O número de pessoas que morrem desnecessariamente no pronto-socorro aumenta às segundas-feiras, à medida que os hospitais estão sobrecarregados ao limite e não dão alta aos pacientes no fim de semana, mostram novos dados.
Números descobertos por O Independente mostram que uma média de 126 pacientes morreram todas as segundas-feiras entre 2020-2023 – 25 por cento mais do que qualquer outro dia. Num sábado, o número médio de mortes cai para 90.
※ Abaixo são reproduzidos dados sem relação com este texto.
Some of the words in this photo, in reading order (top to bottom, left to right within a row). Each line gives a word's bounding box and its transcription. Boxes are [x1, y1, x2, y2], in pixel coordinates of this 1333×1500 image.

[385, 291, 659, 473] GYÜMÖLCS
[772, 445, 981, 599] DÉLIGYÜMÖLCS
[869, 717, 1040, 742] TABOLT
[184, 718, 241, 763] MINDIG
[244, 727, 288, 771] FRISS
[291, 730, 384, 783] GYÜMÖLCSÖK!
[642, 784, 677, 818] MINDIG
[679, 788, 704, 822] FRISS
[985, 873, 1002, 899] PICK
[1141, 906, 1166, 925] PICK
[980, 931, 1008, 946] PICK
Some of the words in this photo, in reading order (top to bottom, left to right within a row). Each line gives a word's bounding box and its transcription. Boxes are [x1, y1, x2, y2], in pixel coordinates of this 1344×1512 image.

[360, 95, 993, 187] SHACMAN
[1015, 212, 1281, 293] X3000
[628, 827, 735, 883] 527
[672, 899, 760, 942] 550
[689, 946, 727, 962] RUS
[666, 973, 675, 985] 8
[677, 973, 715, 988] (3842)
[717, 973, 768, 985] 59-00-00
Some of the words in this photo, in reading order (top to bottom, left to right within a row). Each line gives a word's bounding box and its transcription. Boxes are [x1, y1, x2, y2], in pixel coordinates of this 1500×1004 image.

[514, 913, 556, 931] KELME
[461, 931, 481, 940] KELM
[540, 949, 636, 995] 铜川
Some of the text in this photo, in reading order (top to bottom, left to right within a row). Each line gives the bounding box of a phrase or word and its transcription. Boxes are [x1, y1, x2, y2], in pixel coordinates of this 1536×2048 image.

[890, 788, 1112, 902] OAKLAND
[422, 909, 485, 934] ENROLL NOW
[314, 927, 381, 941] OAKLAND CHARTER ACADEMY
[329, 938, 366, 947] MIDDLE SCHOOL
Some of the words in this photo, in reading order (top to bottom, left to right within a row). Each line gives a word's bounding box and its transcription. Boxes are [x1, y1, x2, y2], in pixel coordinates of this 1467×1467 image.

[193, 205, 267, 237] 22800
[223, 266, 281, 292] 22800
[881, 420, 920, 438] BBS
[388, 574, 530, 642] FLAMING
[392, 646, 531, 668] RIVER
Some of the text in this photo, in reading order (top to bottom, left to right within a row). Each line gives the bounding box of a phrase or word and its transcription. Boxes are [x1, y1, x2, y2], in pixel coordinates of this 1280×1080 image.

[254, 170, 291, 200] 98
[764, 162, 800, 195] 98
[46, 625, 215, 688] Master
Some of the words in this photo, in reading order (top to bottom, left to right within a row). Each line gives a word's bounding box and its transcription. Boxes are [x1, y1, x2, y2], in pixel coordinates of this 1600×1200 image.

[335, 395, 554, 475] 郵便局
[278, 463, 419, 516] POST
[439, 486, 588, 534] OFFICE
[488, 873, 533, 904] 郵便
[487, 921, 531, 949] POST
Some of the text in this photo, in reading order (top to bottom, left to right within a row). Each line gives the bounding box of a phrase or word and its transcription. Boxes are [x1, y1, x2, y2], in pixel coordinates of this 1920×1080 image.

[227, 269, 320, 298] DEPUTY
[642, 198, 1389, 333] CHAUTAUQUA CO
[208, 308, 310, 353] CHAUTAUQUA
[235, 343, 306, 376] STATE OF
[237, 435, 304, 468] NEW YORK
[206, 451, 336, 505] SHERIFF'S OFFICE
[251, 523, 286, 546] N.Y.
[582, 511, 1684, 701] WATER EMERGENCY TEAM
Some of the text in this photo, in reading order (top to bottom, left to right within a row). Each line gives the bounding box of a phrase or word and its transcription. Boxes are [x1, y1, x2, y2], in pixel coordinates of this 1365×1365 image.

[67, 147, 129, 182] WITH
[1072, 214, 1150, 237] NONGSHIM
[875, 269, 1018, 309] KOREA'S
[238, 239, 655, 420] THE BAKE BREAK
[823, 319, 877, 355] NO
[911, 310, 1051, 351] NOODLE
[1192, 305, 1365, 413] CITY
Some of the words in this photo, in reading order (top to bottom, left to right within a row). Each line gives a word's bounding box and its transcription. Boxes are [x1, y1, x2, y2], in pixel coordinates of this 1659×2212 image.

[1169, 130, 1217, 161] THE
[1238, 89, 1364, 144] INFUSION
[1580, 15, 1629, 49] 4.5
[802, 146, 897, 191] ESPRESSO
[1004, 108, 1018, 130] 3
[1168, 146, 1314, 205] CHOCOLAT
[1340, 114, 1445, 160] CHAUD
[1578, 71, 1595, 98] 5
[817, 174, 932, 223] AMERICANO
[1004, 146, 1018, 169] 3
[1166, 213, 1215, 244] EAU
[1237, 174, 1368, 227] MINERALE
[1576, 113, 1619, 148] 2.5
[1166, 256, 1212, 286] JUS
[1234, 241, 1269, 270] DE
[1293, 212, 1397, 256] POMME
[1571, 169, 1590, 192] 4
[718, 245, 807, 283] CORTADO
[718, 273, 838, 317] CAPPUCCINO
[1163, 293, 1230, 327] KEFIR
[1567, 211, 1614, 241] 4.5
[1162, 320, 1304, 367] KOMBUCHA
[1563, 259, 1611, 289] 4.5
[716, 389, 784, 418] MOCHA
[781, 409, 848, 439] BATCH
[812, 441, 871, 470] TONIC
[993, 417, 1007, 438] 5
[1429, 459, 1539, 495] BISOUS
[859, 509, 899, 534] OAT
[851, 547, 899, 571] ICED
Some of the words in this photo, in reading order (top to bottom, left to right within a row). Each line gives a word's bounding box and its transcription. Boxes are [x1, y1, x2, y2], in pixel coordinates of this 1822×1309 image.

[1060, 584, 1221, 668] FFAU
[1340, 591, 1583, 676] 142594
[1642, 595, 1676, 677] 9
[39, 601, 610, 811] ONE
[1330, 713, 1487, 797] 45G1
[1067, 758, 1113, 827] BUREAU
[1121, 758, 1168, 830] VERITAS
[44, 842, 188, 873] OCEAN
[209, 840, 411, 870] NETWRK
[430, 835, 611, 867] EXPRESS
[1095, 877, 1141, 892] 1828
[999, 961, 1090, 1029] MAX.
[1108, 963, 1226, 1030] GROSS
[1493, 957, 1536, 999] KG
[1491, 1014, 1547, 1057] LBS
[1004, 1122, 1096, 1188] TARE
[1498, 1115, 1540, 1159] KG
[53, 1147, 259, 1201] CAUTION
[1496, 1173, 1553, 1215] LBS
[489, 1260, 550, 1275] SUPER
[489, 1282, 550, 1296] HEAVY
Os tempos de espera também aumentam enormemente no início da semana, com uma média de 9.300 pacientes gastando mais de 12 horas esperando na segunda-feira – até 2.000 a mais do que em qualquer outro dia.
Especialistas médicos disseram que o aumento nas esperas de pronto-socorro pode ser atribuído ao fato de as pessoas ficarem longe dos hospitais durante os fins de semana e de os pacientes não terem alta dos cuidados médicos, causando um gargalo em um sistema já deficiente.
As estatísticas nítidas também contradizem directamente os repetidos esforços do governo para tornar o NHS um serviço de sete dias. Vários médicos legistas alertaram o governo e os líderes da saúde sobre atrasos no tratamento e diagnóstico dos pacientes devido a variações no pessoal e no acesso a especialistas – especialmente durante o fim de semana.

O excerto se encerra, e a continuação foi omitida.